Saturday, 25 April 2015

ANZAC Bruce Wilkins Campbell

I have only mustered the courage twice to visit my great-uncle's grave at Brookwood Cemetery near London. The endless rows of ended life are daunting despite the ceaseless care bestowed on these Australian sons. 

Bruce and Sid, 1916
It's possible that in 1985 I was the first family member to visit him, almost 70 years after his death, although his brother Sid did attend the funeral for Bruce Wilkins Campbell in this same eerie, peaceful place.

Bruce was the youngest and 13th child of his father William Campbell; the 10th child and 7th son of his mother Rebecca Mary Wilkins. He was 20 years old when he enlisted for service with his brothers Sidney Frederick and Henry John (Harry). They took the train to Brisbane to register for the 9th Battalion, Queensland's first.

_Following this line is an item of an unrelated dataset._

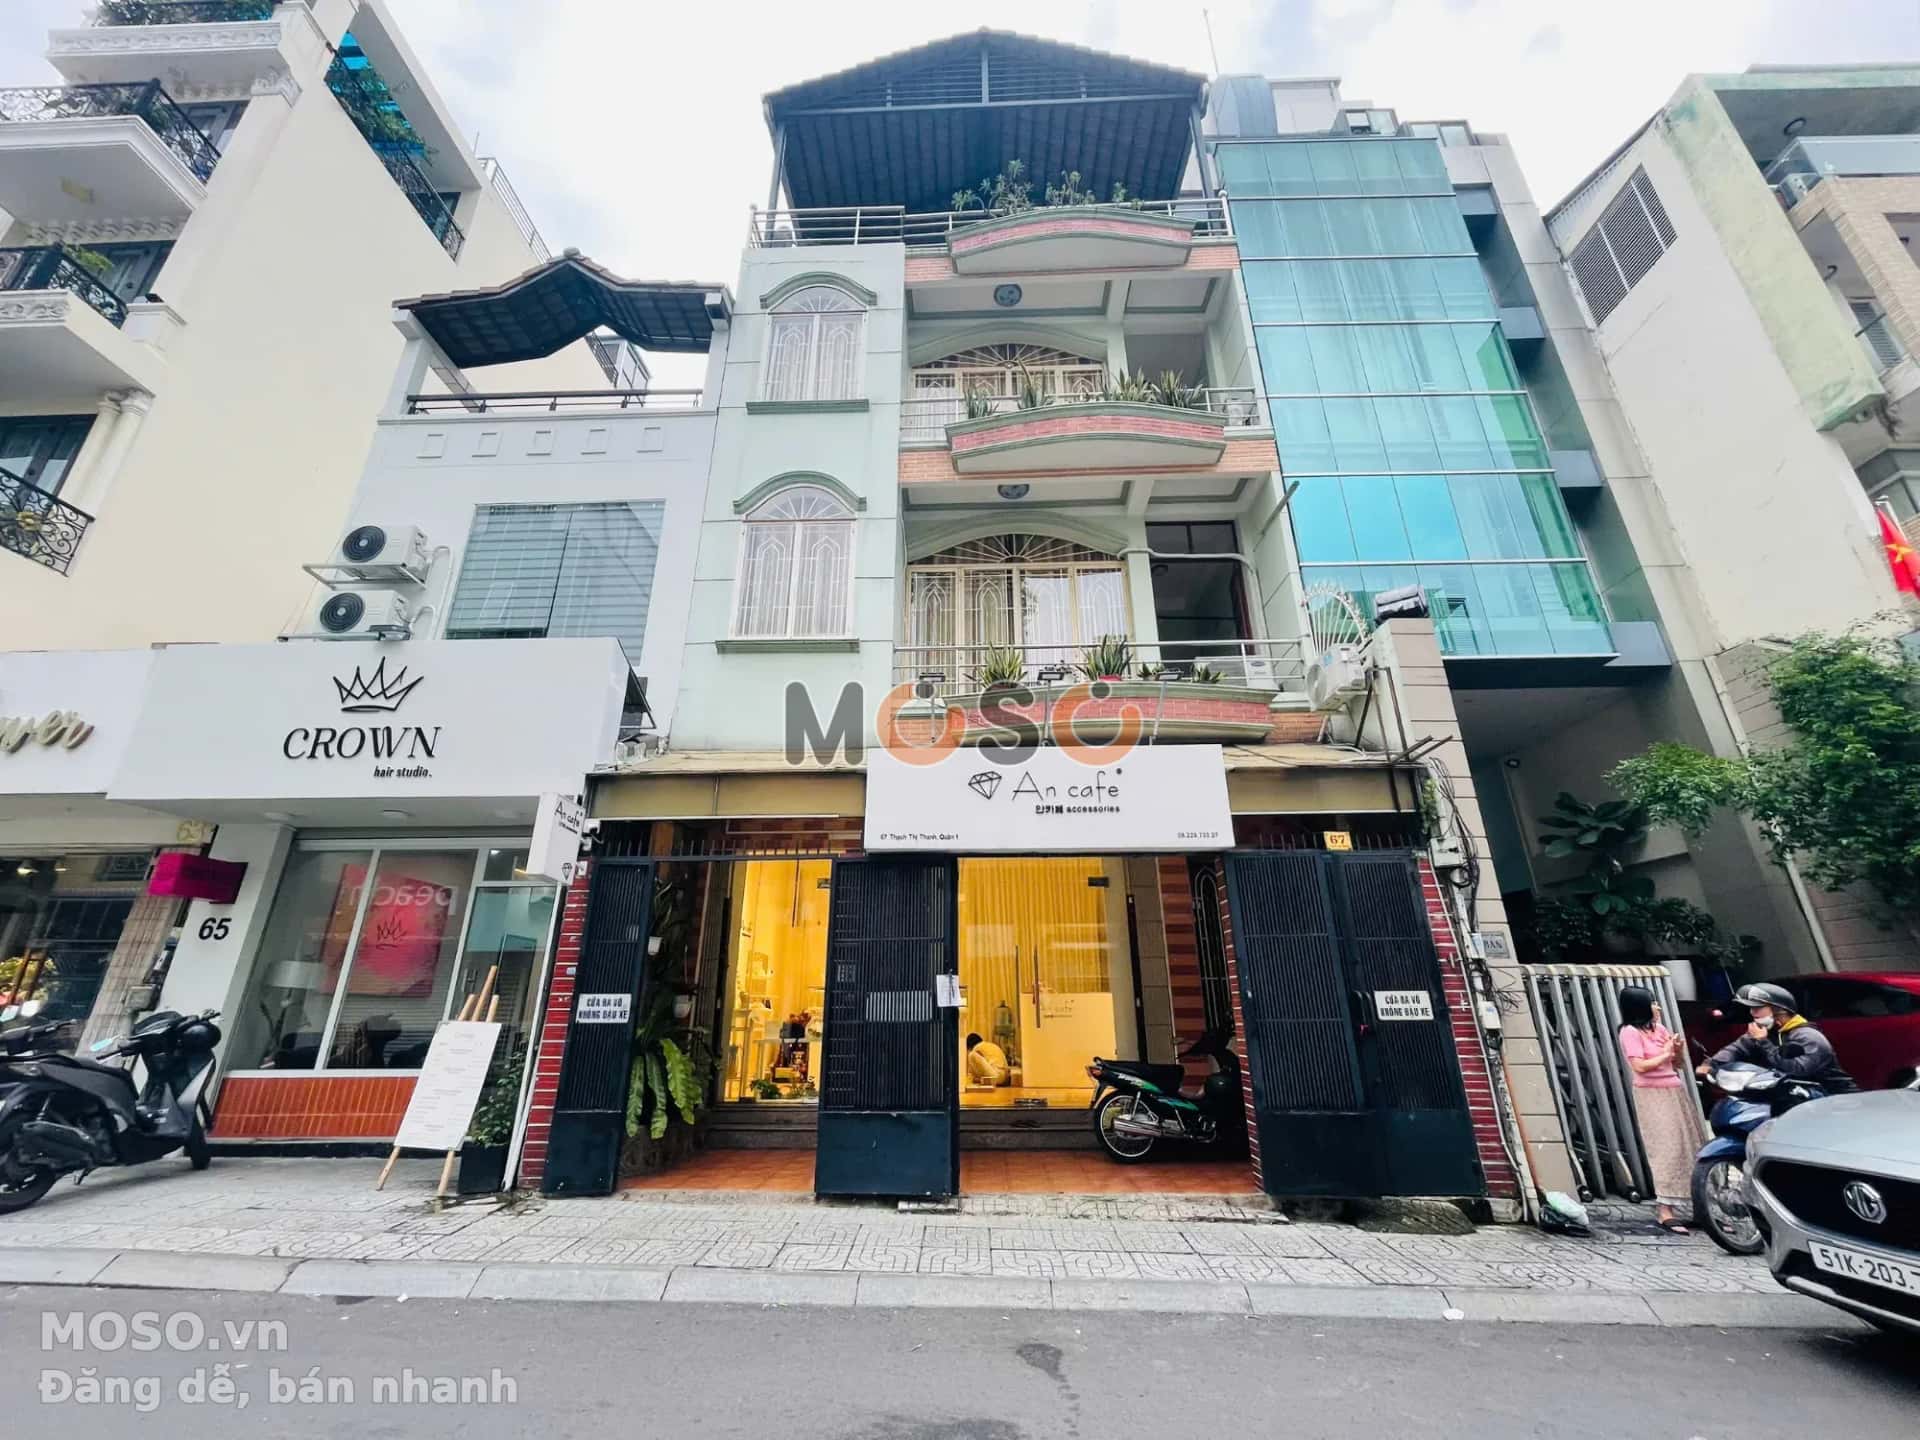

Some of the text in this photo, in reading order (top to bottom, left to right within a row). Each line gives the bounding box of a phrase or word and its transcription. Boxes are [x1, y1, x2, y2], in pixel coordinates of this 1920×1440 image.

After serving in France from 1916, only Harry and Sid returned home. 

Bruce was wounded in action during the second battle at Bullecourt on 6 May 1917. 

Thy Will Be Done
He was paralysed and shipped to the National Hospital in London, where he died a month later. 

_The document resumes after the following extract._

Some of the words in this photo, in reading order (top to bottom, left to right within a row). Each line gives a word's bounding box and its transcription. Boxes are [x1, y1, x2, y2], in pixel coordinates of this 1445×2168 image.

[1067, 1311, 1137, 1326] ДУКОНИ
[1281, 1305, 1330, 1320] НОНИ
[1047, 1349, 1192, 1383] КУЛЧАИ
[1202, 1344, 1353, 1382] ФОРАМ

The family's devastation is recorded in two places - Port Macquarie, near to Rollands Plains where Bruce was born in 1896 - and Tweed Heads, the border town from which Bruce and his brothers caught the train to Brisbane.
 

The Port Macquarie Library has commemorated the service of its town's sons by reaffirming the dedicated World War I Memorial. 'The Memorial was built by public subscription and was officially unveiled in April 1921. Atop the memorial sits a world globe bearing the words "They Crossed the Ocean". 

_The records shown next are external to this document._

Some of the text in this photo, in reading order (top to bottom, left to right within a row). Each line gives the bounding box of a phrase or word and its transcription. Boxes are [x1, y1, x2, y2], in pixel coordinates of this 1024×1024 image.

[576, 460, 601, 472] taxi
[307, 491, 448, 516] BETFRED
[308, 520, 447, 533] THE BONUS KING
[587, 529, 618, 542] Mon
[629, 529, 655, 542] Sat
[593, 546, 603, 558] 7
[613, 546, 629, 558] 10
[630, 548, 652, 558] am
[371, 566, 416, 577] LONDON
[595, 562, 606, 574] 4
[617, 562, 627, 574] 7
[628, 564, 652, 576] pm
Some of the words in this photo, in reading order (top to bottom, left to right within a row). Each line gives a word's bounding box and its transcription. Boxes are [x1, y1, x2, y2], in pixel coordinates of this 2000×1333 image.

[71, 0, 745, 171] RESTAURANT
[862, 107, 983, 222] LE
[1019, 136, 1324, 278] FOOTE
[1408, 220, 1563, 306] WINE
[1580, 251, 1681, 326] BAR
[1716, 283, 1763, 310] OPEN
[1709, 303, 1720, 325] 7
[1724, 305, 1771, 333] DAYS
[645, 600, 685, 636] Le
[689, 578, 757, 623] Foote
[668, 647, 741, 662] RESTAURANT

The associated website commemorates the people behind those names. It is not intended, nor does it claim, to be a definitive biographical source. The information has been researched using publicly available information sources and, in some cases, information contributed by relatives. The scope of the website is strictly limited to the names on the Port Macquarie War Memorial.'

For the Campbell family, this is a deeply moving tribute and recognition of painful contribution.

 
Altar, Presbyterian Church
Presbyterian Church, Tweed Heads












In a time when large families were common, it was usual practice for names to be inherited down the generations. Two generations passed before his mother and sisters would allow a great-grandson to be named for this dutiful young son.